Go through the listing and repeat each entry exactly, but include no pictures.

Records supplied —

----

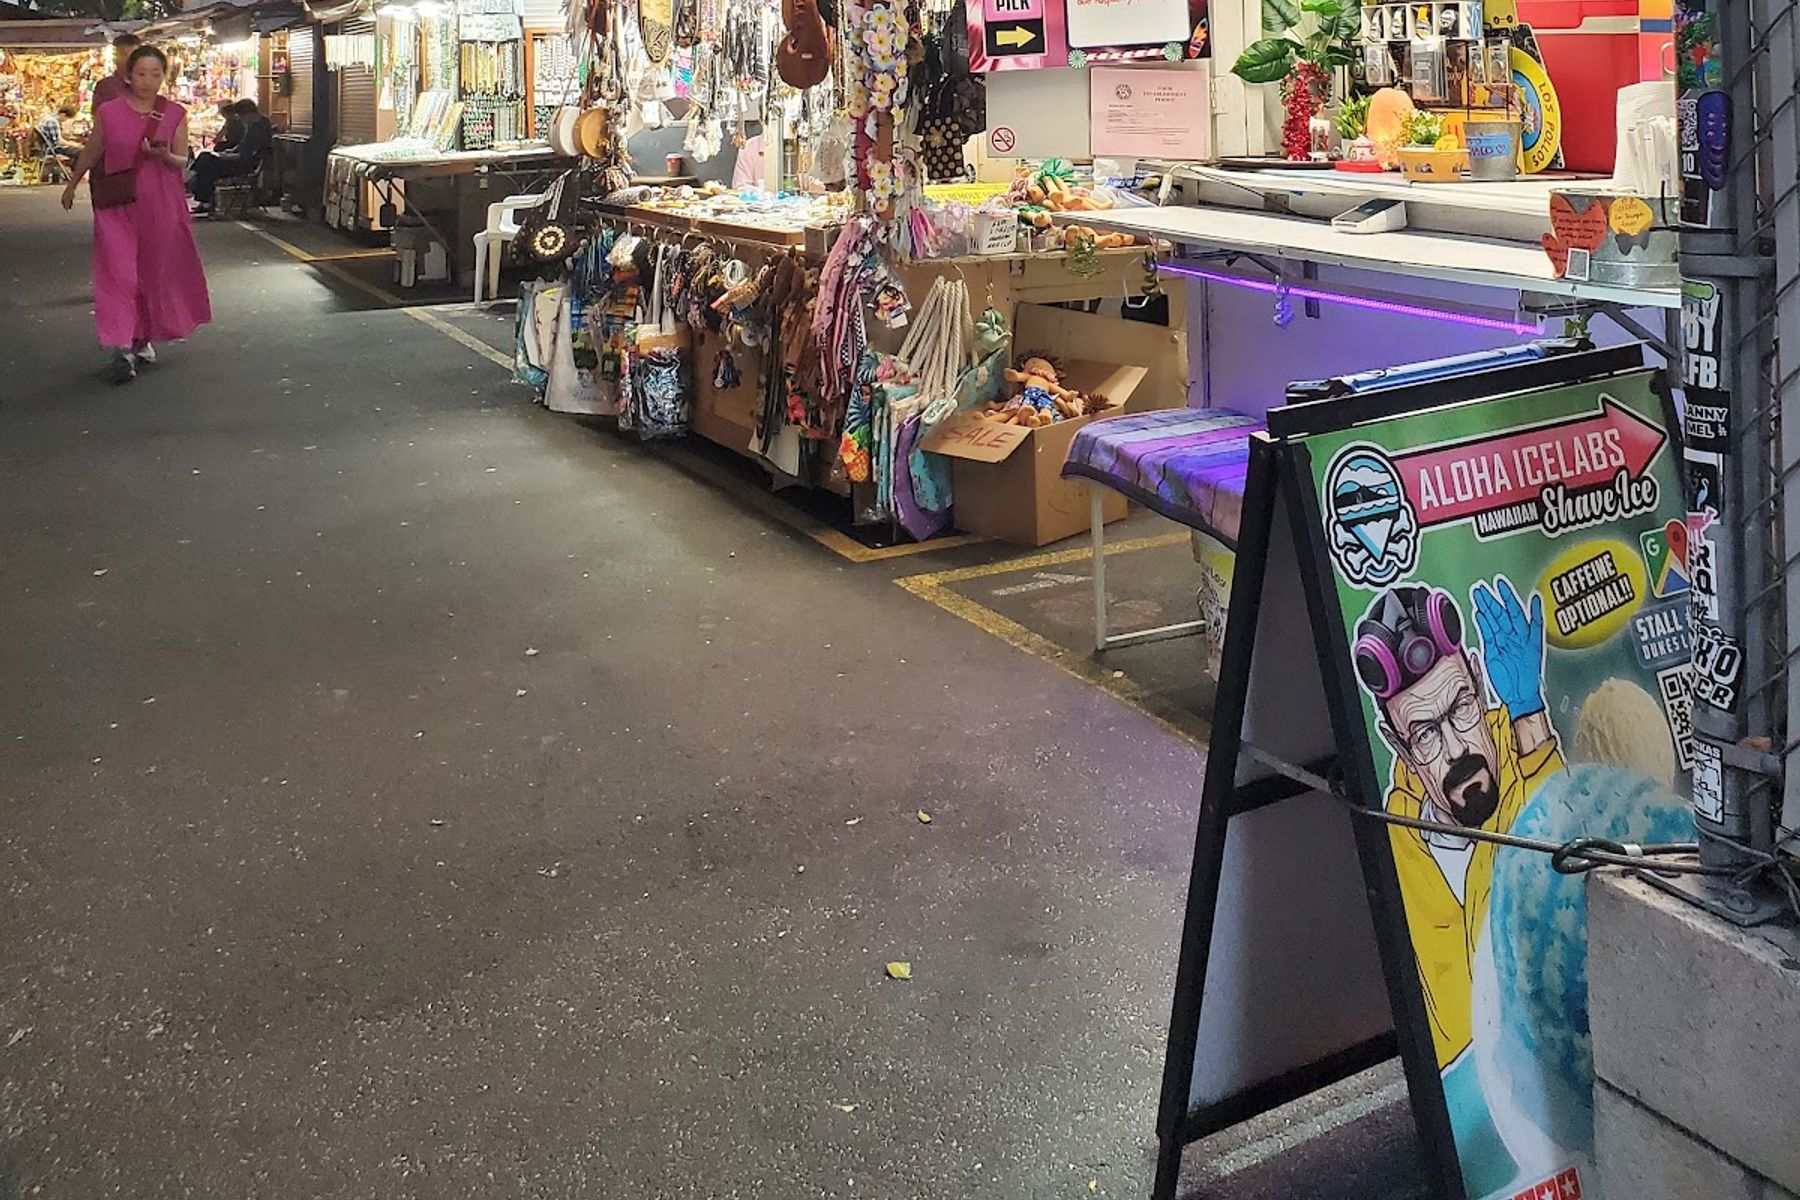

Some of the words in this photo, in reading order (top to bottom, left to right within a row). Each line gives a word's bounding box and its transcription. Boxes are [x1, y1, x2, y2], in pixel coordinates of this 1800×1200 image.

[1539, 82, 1554, 113] LOS
[1532, 121, 1555, 167] POLLOS
[950, 426, 1016, 448] SALE
[1419, 452, 1512, 511] ALOHA
[1512, 428, 1626, 488] ICELABS
[1477, 502, 1539, 534] HAWAIIAN
[1542, 487, 1617, 529] Shave
[1615, 470, 1655, 508] Ice
[1551, 553, 1616, 603] CAFFEINE
[1556, 577, 1633, 633] OPTIONAL!!
[1636, 609, 1683, 641] STALL
[1642, 636, 1680, 660] DUKES
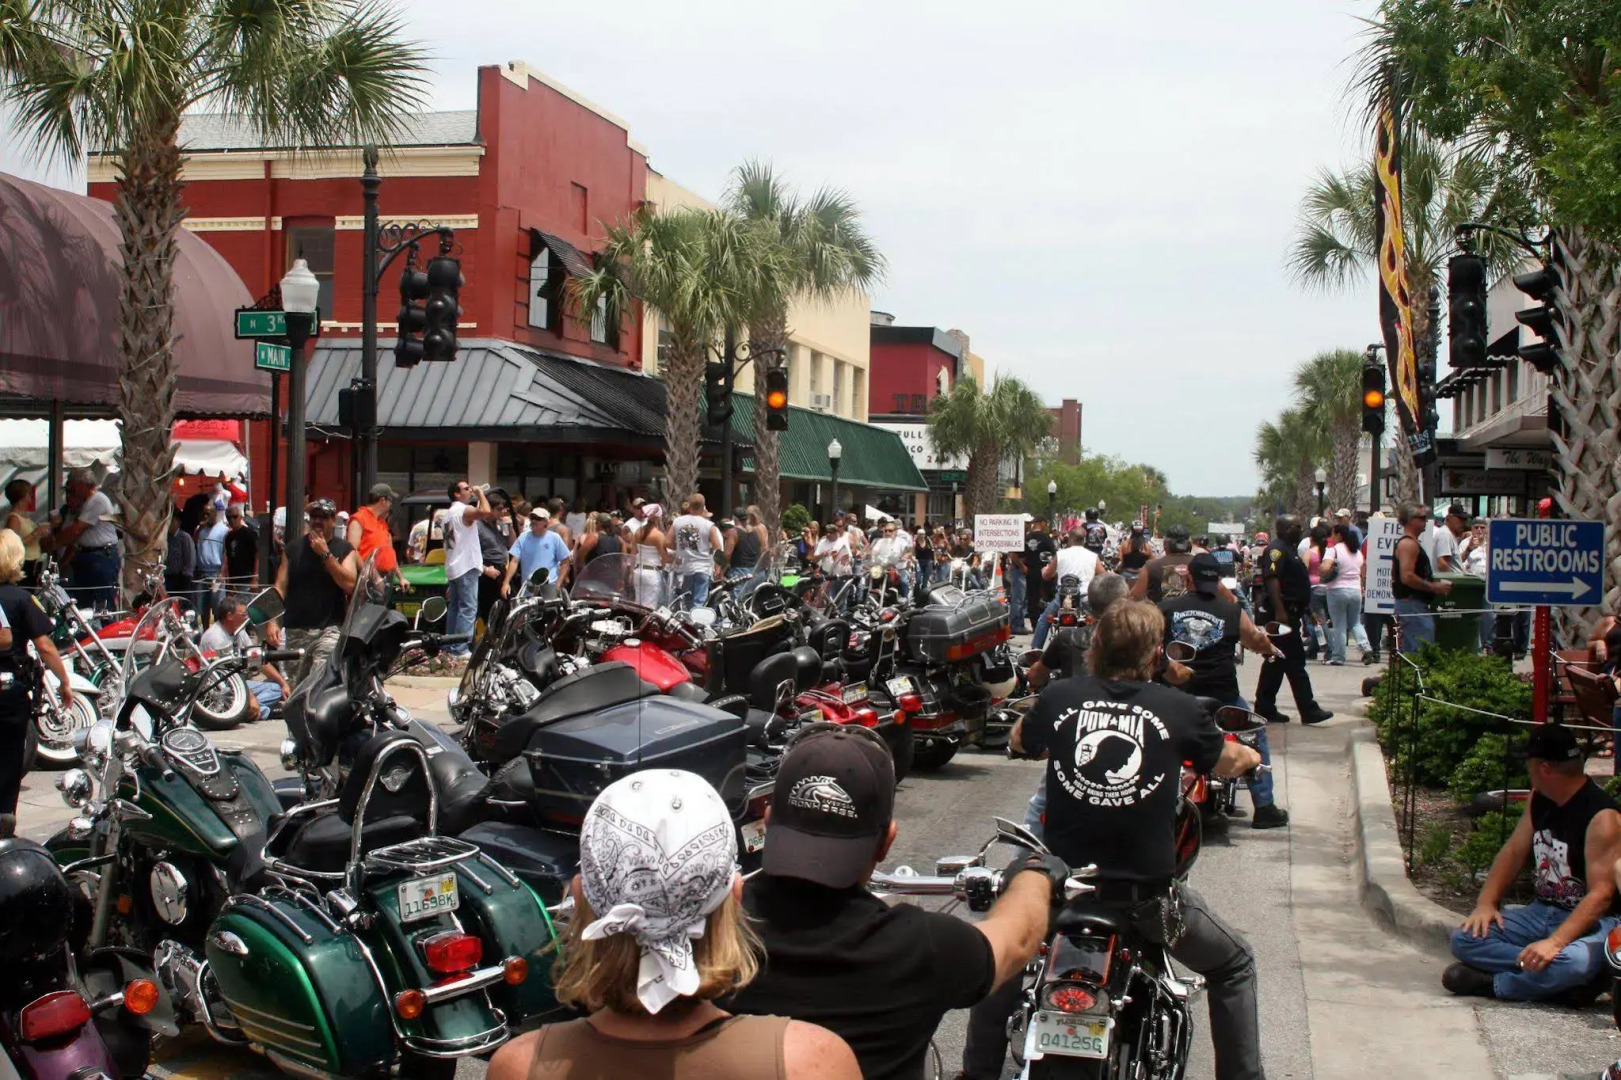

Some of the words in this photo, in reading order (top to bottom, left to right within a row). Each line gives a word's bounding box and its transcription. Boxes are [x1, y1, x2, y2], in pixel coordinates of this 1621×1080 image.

[250, 319, 256, 329] N
[267, 347, 286, 365] MAIN
[979, 518, 987, 526] NO
[988, 518, 1012, 526] PARKING
[1013, 518, 1019, 526] IN
[1383, 522, 1404, 535] FIE
[985, 540, 1022, 548] CROSSWALKS
[1516, 524, 1578, 548] PUBLIC
[1492, 548, 1600, 574] RESTROOMS
[1376, 567, 1390, 577] MOT
[1053, 707, 1078, 732] ALL
[1082, 700, 1128, 710] GAVE
[1131, 705, 1170, 741] SOME
[1075, 709, 1112, 742] POW
[1117, 714, 1144, 749] MIA
[1053, 760, 1085, 800] SOME
[1088, 795, 1135, 807] GAVE
[1139, 772, 1165, 800] ALL
[1072, 779, 1087, 791] HELP
[1087, 787, 1104, 798] BRING
[1120, 785, 1137, 796] HOME
[405, 893, 453, 914] 11698K
[1041, 1032, 1103, 1052] 04125G

----

Completed exercise —
Some of the words in this photo, in reading order (top to bottom, left to right within a row). Each line gives a word's bounding box and its transcription. Boxes are [x1, y1, x2, y2], in pixel coordinates of this 1800×1200 image.

[1539, 82, 1554, 113] LOS
[1532, 121, 1555, 167] POLLOS
[950, 426, 1016, 448] SALE
[1419, 452, 1512, 511] ALOHA
[1512, 428, 1626, 488] ICELABS
[1477, 502, 1539, 534] HAWAIIAN
[1542, 487, 1617, 529] Shave
[1615, 470, 1655, 508] Ice
[1551, 553, 1616, 603] CAFFEINE
[1556, 577, 1633, 633] OPTIONAL!!
[1636, 609, 1683, 641] STALL
[1642, 636, 1680, 660] DUKES

Some of the words in this photo, in reading order (top to bottom, left to right within a row). Each line gives a word's bounding box and its transcription. Boxes are [x1, y1, x2, y2], in pixel coordinates of this 1621×1080 image.

[250, 319, 256, 329] N
[267, 347, 286, 365] MAIN
[979, 518, 987, 526] NO
[988, 518, 1012, 526] PARKING
[1013, 518, 1019, 526] IN
[1383, 522, 1404, 535] FIE
[985, 540, 1022, 548] CROSSWALKS
[1516, 524, 1578, 548] PUBLIC
[1492, 548, 1600, 574] RESTROOMS
[1376, 567, 1390, 577] MOT
[1053, 707, 1078, 732] ALL
[1082, 700, 1128, 710] GAVE
[1131, 705, 1170, 741] SOME
[1075, 709, 1112, 742] POW
[1117, 714, 1144, 749] MIA
[1053, 760, 1085, 800] SOME
[1088, 795, 1135, 807] GAVE
[1139, 772, 1165, 800] ALL
[1072, 779, 1087, 791] HELP
[1087, 787, 1104, 798] BRING
[1120, 785, 1137, 796] HOME
[405, 893, 453, 914] 11698K
[1041, 1032, 1103, 1052] 04125G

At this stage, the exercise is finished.